The Danish NGO, the Emergency Asteroid Defence Project (EADP), is currently seeking funding worth approximately 1.3 million kroner as it works towards developing a spacecraft that can blow threatening asteroids to pieces.

Researchers led by Professor Bong Wie at Iowa State University have, in co-operation with EADP, developed a spacecraft and interception plan that aims to deflect or dissipate asteroids in a short-warning-time scenario.

“The risk of being hit by a car is obviously greater than that of being hit by an asteroid,” said EADP’s founder Søren Ekelund – a mechanical engineer who is the CEO and owner of 01 Advanced Innovation – who has already contributed 4 million kroner to the project.

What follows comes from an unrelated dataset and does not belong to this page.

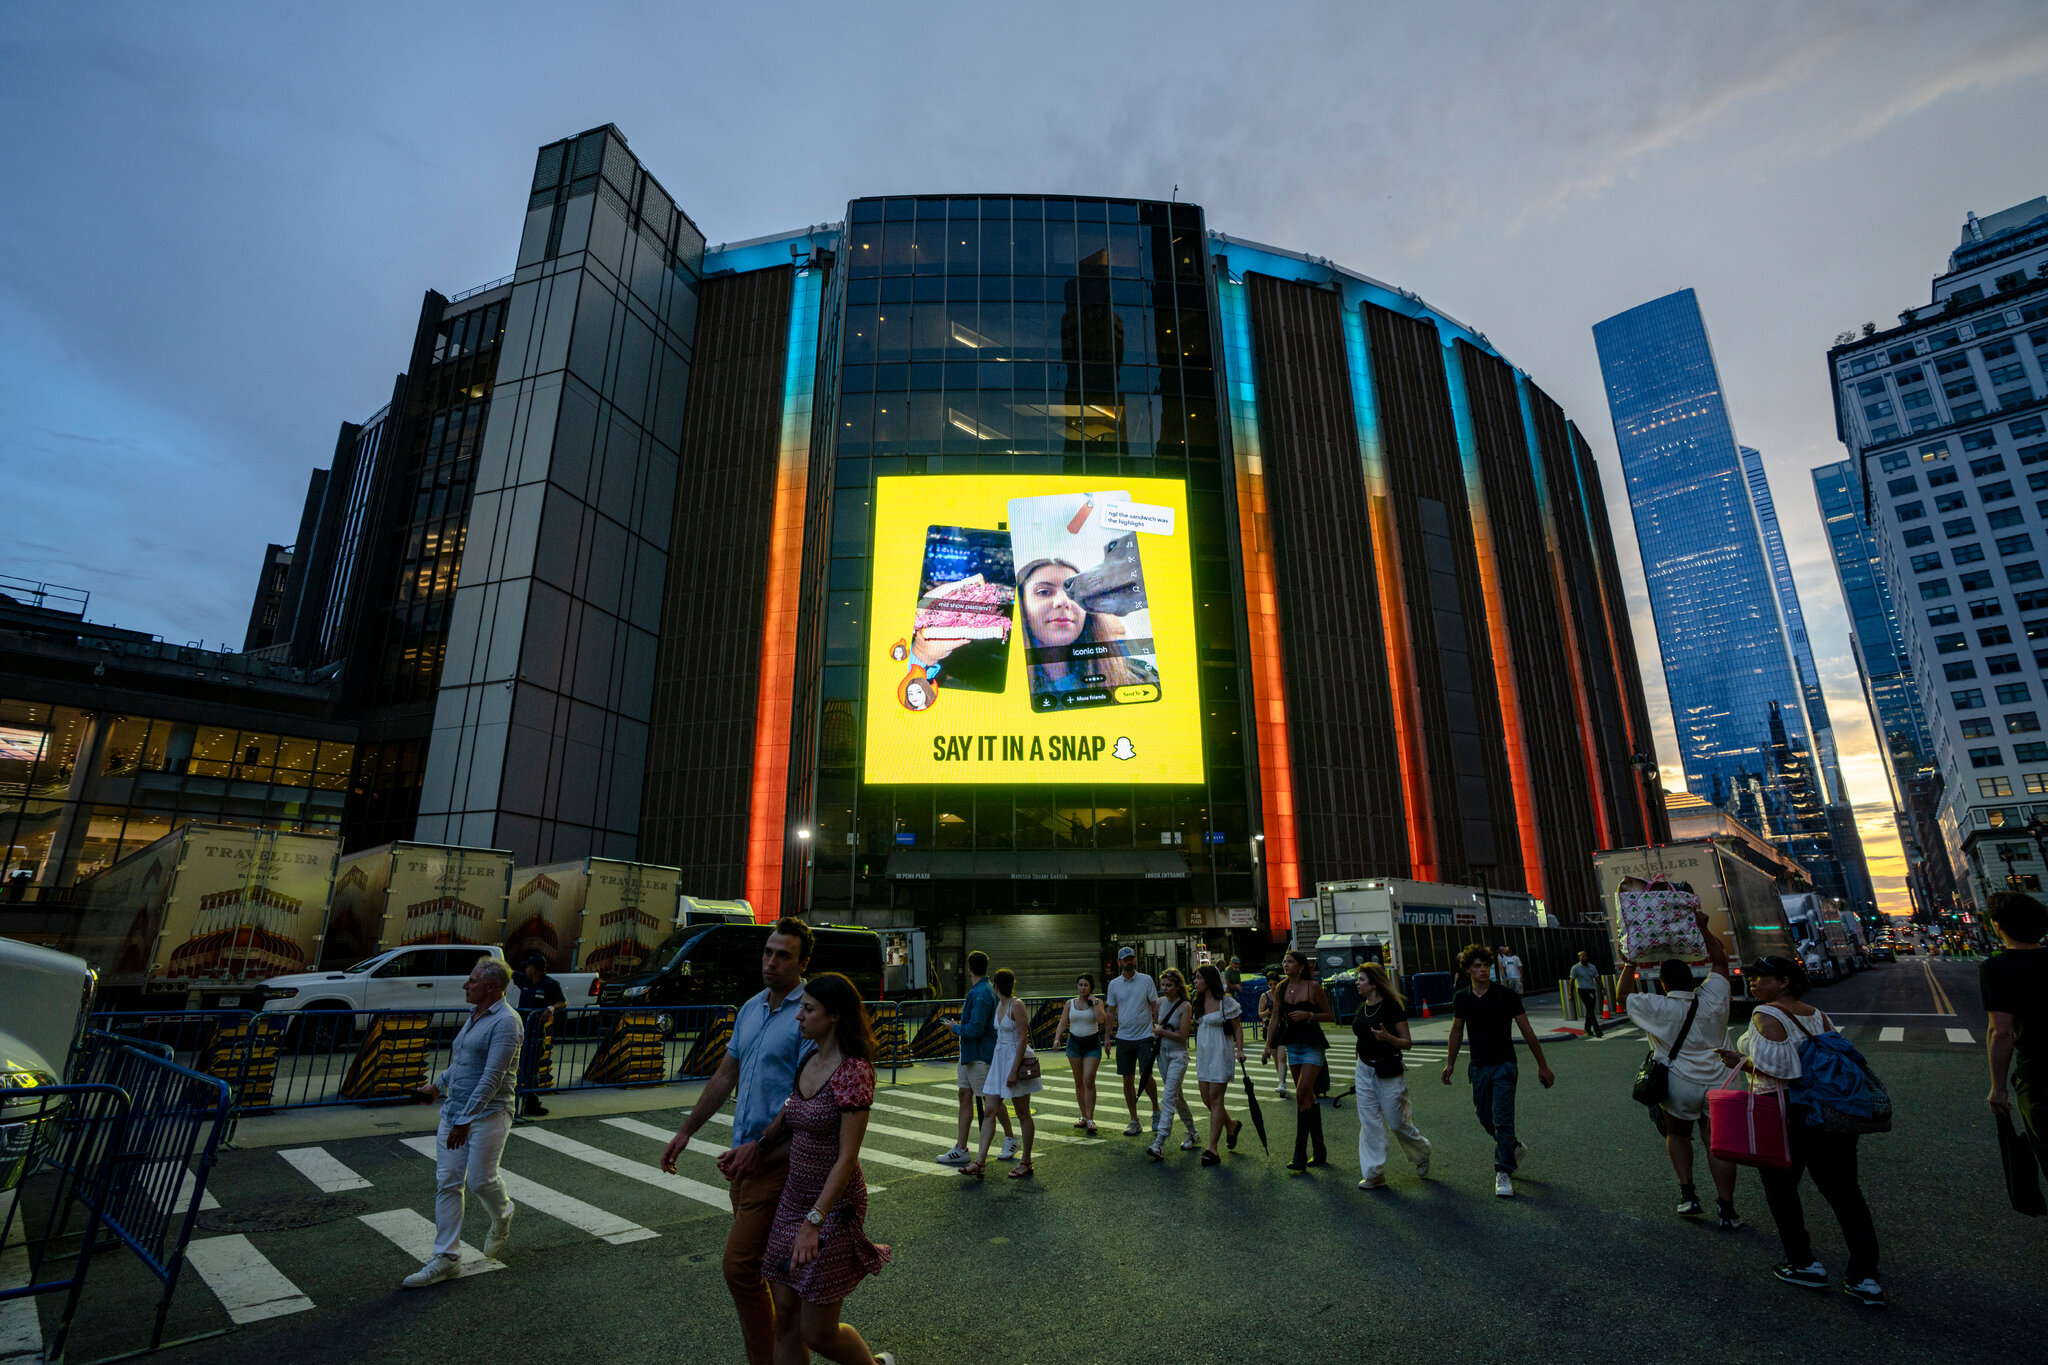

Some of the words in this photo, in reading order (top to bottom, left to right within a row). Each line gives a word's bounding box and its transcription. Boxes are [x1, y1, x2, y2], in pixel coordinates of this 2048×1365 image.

“But it is easier to do something about the asteroid.”

Conquering the asteroid threat
According to researchers, asteroids pose a very real threat to society, both in terms of cost and damage.

“The smaller asteroids (under 300 metres in diameter) can be hard to see until they are very close. We saw this first-hand in 2013 when an asteroid caused 33 million dollars worth of damage in Russia,” Ekelund told Ingeniøren, referring to the 10,000-tonne asteroid that splintered over the city of Chelyabinsk.

The vessel is a HAIV (Hypervelocity Asteroid Intercept Vehicle) – a two-body spacecraft that produces a crater on the objects surface, before delivering an explosive device into the crater, breaking up the asteroid into small harmless pieces.

More funding required
Via crowdfunding on Indiegogo, the NGO has so far received a modest $5,837 – a figure equivalent to 3 percent of the target of $200,000.

However, Ekelund explains that it is the psychological barriers that impede the work.

“People think it sounds crazy, and I admit that at first, I did too. It is something that seems distant and remote from our comprehension – nobody knows someone that has been killed by an asteroid,” said Ekelund.

“We expect to have a vessel ready within two to three years, so we hope to get the general public on board with our cause.”